Fis is a member of "The Applied Artists and Designers Association of Serbia" (ULUPUDS) since its establishment in 1953, and was also a member of several international professional associations.

He participated at International Symposium of Packaging Design held in Zagreb 1962., at Congress of ICSID (International Council of Societies of Industrial Design) in Spain 1971, as well as at the great number of professional meetings and magazines in Yugoslavia.

He was member of juries oat at BIO 3rd International Biennal of Industrial Design in Ljubljana 1968, Octobar Salon i Belgrade and many other.
Pavićević Fis was part of the Artistic Council of ULUPUDS, and its Representative in various governmental and cultural institutions of Yugoslavia.

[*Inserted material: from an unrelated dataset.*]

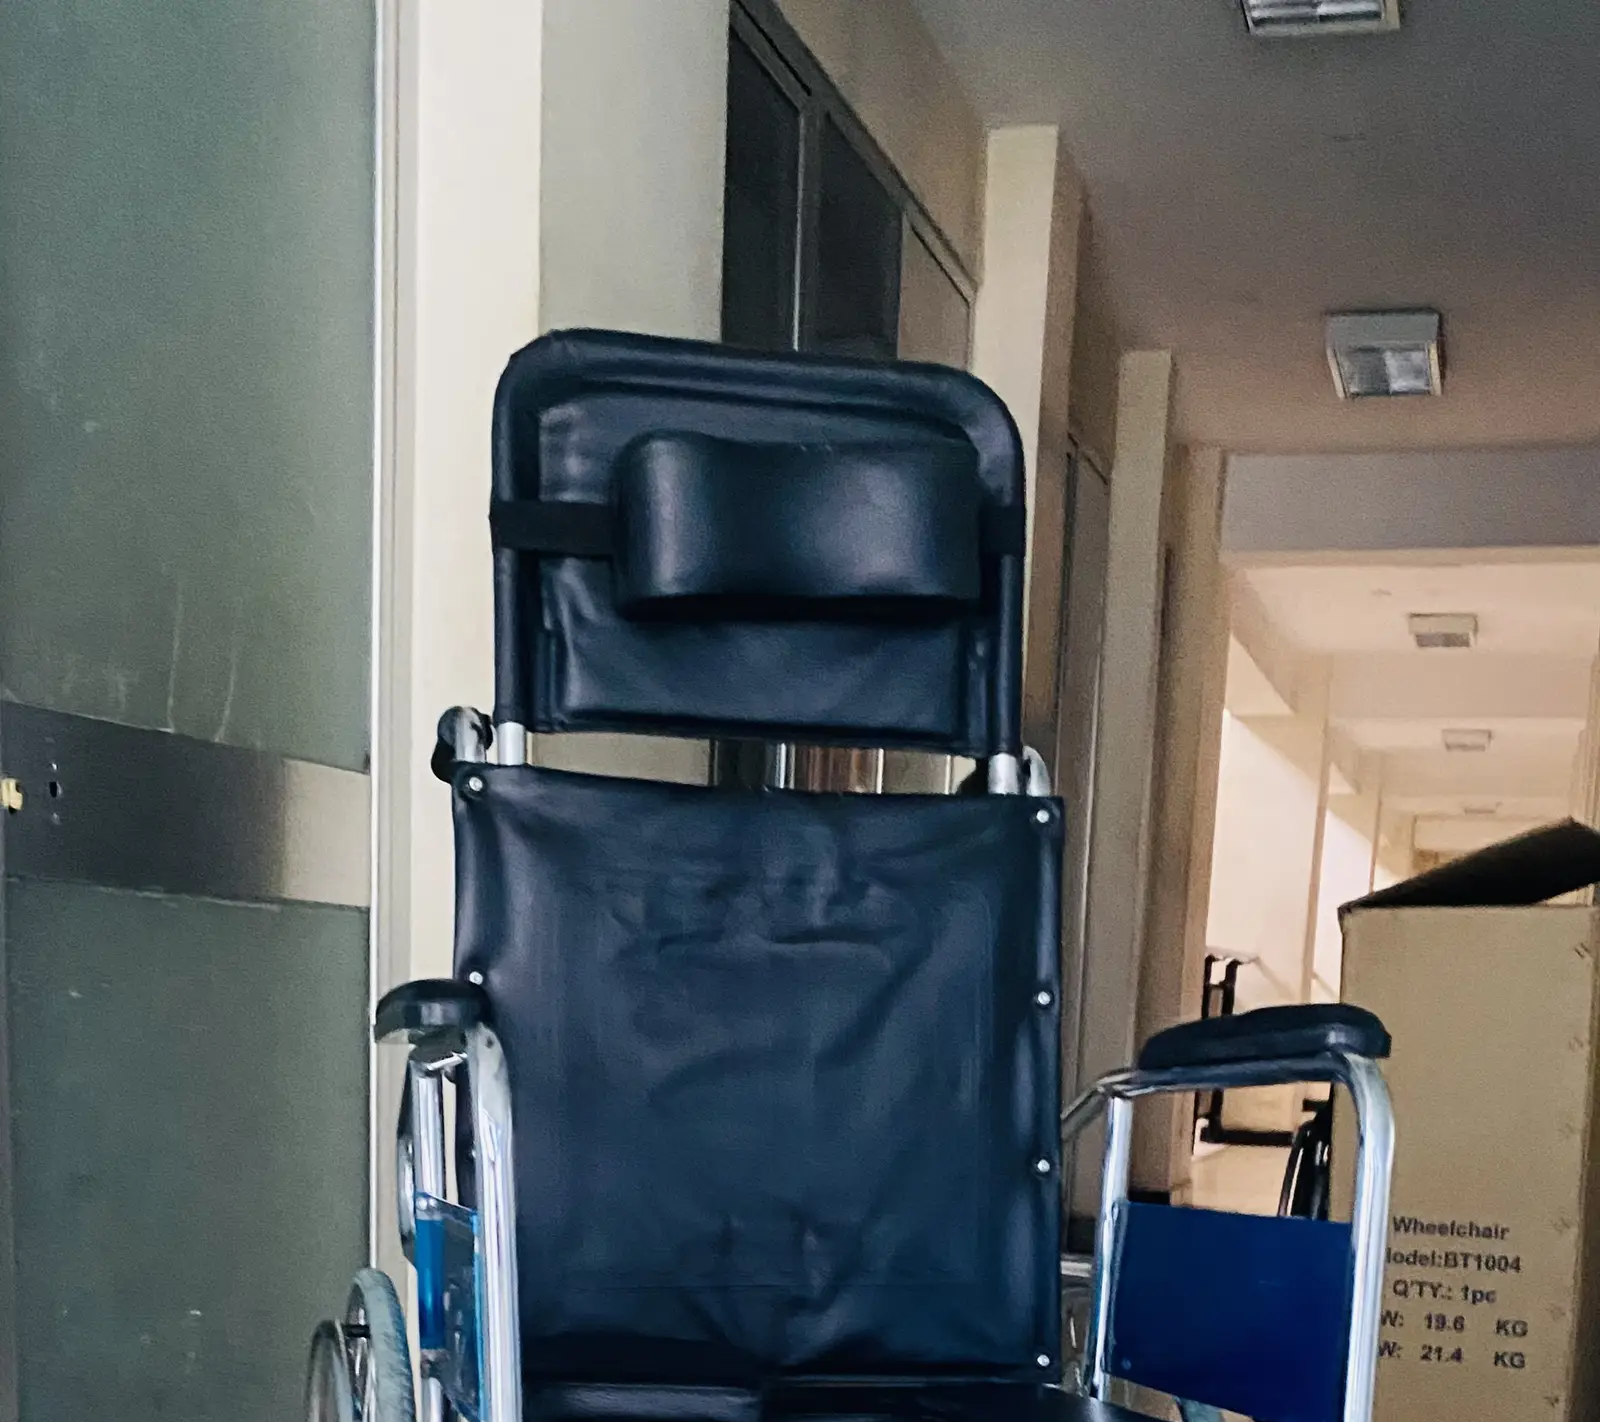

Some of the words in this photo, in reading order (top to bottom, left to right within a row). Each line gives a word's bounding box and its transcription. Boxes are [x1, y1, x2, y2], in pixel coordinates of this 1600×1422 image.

Mr. Fis have realised total designs for numerous Yugoslav appearances at international economic fairs and cultural manifestations in: Munich, Düsseldorf, Berlin, Frankfurt, Hannover, Paris, Oslo, Bruxelles, Milano, Poznan, Plovdiv, Salonika, Tel Aviv, Mexico City, Panama City, Beijing, Shanghai, Hong Kong, Singapore, Jakarta, Kuwait, Tehran, New Delhi, Kiev, Moscow, Aschabad, Tashkent, Maputo, Duala and Addis Ababa.

Exhibitions

Solo exhibitions:
 1970. Solo Exhibition of industrial and graphic design "Designed by Fis 1961-68" , Belgrade, Srb.
 2008. Solo Retrospective Exhibition "Half Century of Fis’s Design" , MAA, Belgrade, Srb.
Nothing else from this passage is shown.